Research from Wake Forest shows patients are more comfortable sharing concerning matters when screened on a tablet app compared with speaking to a nurse.
Patient screening via tablets or digital mediums may lead to more important disclosures and productive primary care physician-patient interactions in appointments than a standard nurse-led screening, according to findings from a new research letter.
In data from Wake Forest School of Medicine, a team of investigators noted that patients experience a greater sense of privacy—and therefore, opportunity for candidacy—when conducting their own primary care visit screening on a tablet versus speaking with a nurse. Implementing more tablet screenings could lead to clinicians identifying more patient concerns that warrant their attention in a check-up.
Led by David P. Miller Jr., MD, MS of the Department of Internal Medicine, and Anna C. Snavely, PhD, of the Department of Biostatistics and Data Science, the Wake Forest investigators sought to observe the benefit of their primary care visit-based tablet app, mPATH, on screening adults on matters including depression, fall risk and intimate partner violence.
Originally created to assist with colorectal cancer screening, mPATH may provide a more straight path toward frontline clinicians addressing health matters sometimes considered extracurricular relative to what’s covered in a standard office visit.
“Screening primary care patients for depression, injurious falls, or intimate partner violence is hampered by time pressures, staff discomfort, and patients’ reluctance to disclose sensitive information,” investigators wrote. “Self-administered screening on a tablet device could address these barriers and improve the detection of at-risk patients.”
Their nonrandomized controlled trial assessed data from 6 participating practices: 3 family medicine and 3 internal medicine offices.
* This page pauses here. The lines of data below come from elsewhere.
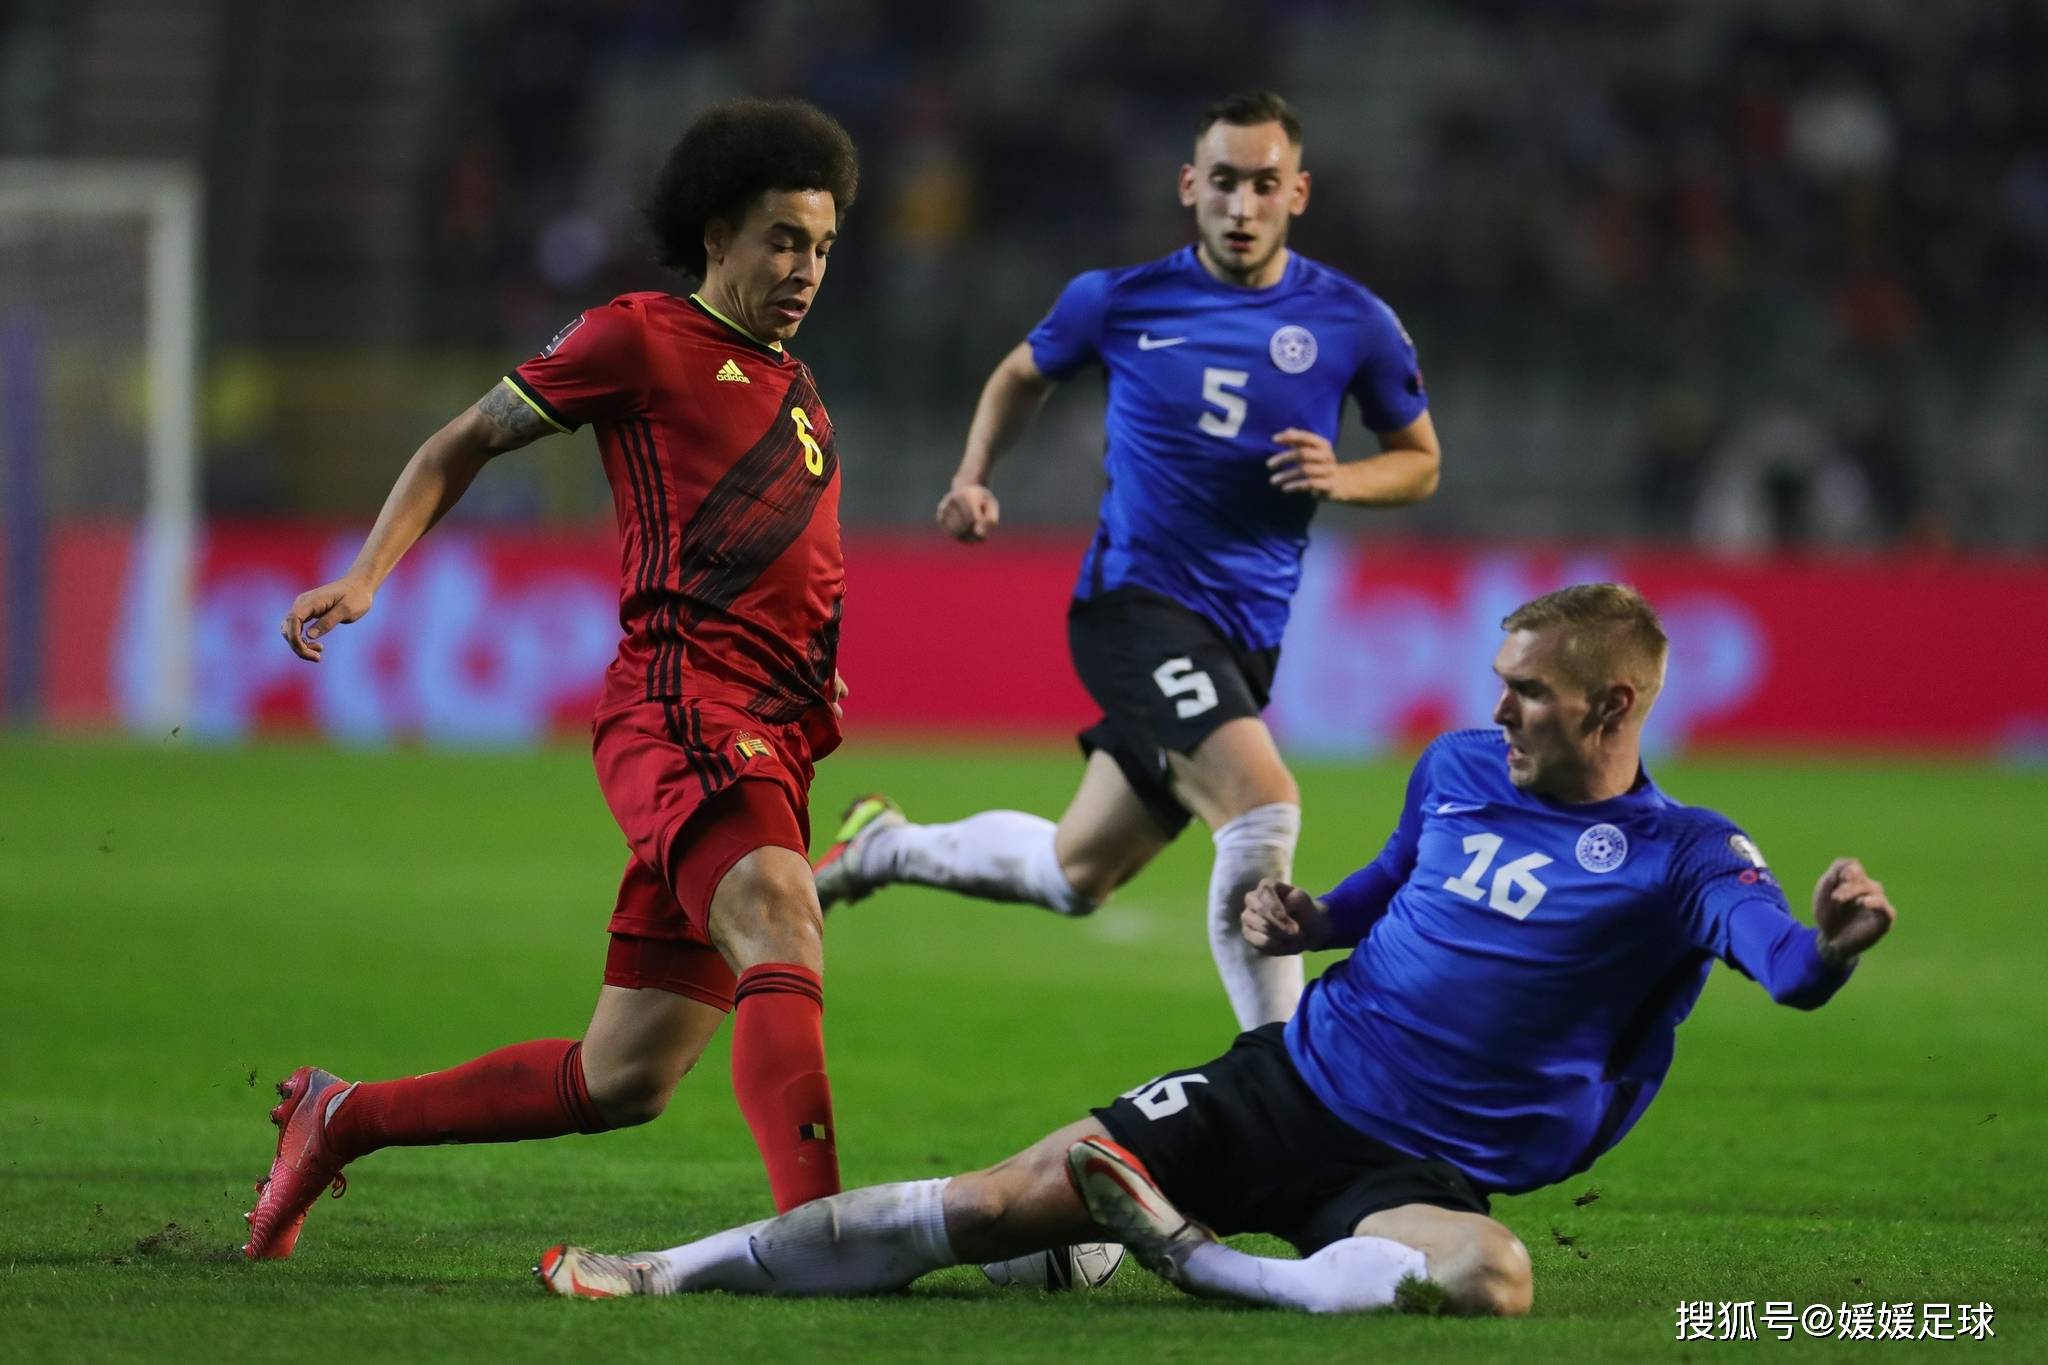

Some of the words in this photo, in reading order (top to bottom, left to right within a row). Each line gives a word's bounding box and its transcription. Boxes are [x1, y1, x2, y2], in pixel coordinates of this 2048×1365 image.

[716, 373, 750, 384] adidas
[1198, 366, 1249, 438] 5
[790, 406, 824, 477] 6
[1152, 656, 1219, 720] 5
[1442, 832, 1554, 921] 16
They sought an outcome of patients with depression, fall risk or intimate partner violence being identified within 60 days following the app’s launch, compared with being identified 60 days before when nursing staff were asking the same screening questions verbally.
Eligible patients were ≥18 years old, seen from June 2019 to February 2020.
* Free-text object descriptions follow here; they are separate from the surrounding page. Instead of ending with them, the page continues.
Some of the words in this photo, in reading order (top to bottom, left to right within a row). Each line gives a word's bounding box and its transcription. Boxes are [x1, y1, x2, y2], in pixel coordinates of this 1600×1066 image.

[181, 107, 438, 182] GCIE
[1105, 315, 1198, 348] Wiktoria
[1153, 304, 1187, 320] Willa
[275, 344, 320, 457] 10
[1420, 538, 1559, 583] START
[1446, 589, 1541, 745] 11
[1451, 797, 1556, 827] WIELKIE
The study included 23,026 patients, 57.9% of whom were female; 80.5% were non-Hispanic White and 13.5% were Black or African American. Mean patient age was 59.7 years old.
Use of the tablet app was considered “suboptimal” by investigators; it varied from 10.3% to 60.5% across the observed 6 clinics due to differences in front desk staff management of the devices. Nonetheless, more than twice as many tablet-screened patients were positive for at least 1 of the 3 primary outcomes than those who were screened by nurses.
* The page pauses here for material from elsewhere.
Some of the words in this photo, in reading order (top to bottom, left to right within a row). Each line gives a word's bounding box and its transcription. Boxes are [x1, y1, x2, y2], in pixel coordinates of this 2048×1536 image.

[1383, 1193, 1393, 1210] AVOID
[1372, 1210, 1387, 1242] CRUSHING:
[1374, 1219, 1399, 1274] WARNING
Increases for each outcome were significant across all 6 clinics, as were reports of patients’ thoughts of self-harm, injurious falls, or risk of conflicts turning physical. After adjusting for patient characteristics, association of mPATH with the primary outcome was still significant (adjusted odds ratio, 2.6; 95% CI, 2.4 – 2.8).
Investigators praised the “highly pragmatic design” of the trial, complementary to previous research that showed patients’ comfort with candidacy in tablet-based screenings, as well as their benefit for busy primary care clinical staffs. That said, research limitations included investigators’ use of a single health system setting that includes a predominately White population, confounding risks in a nonrandomized trial, and the lack of validation behind screening for reported partner violence.
They concluded that the findings warrant follow-up; they are currently conducting a multisite, randomized, controlled cluster trial that seeks to define effective incorporation of mPATH into standard screening and care.
The study, “Universal Screening in Primary Care Practices by Self-administered Tablet vs Nursing Staff,” was published online in JAMA Network Open.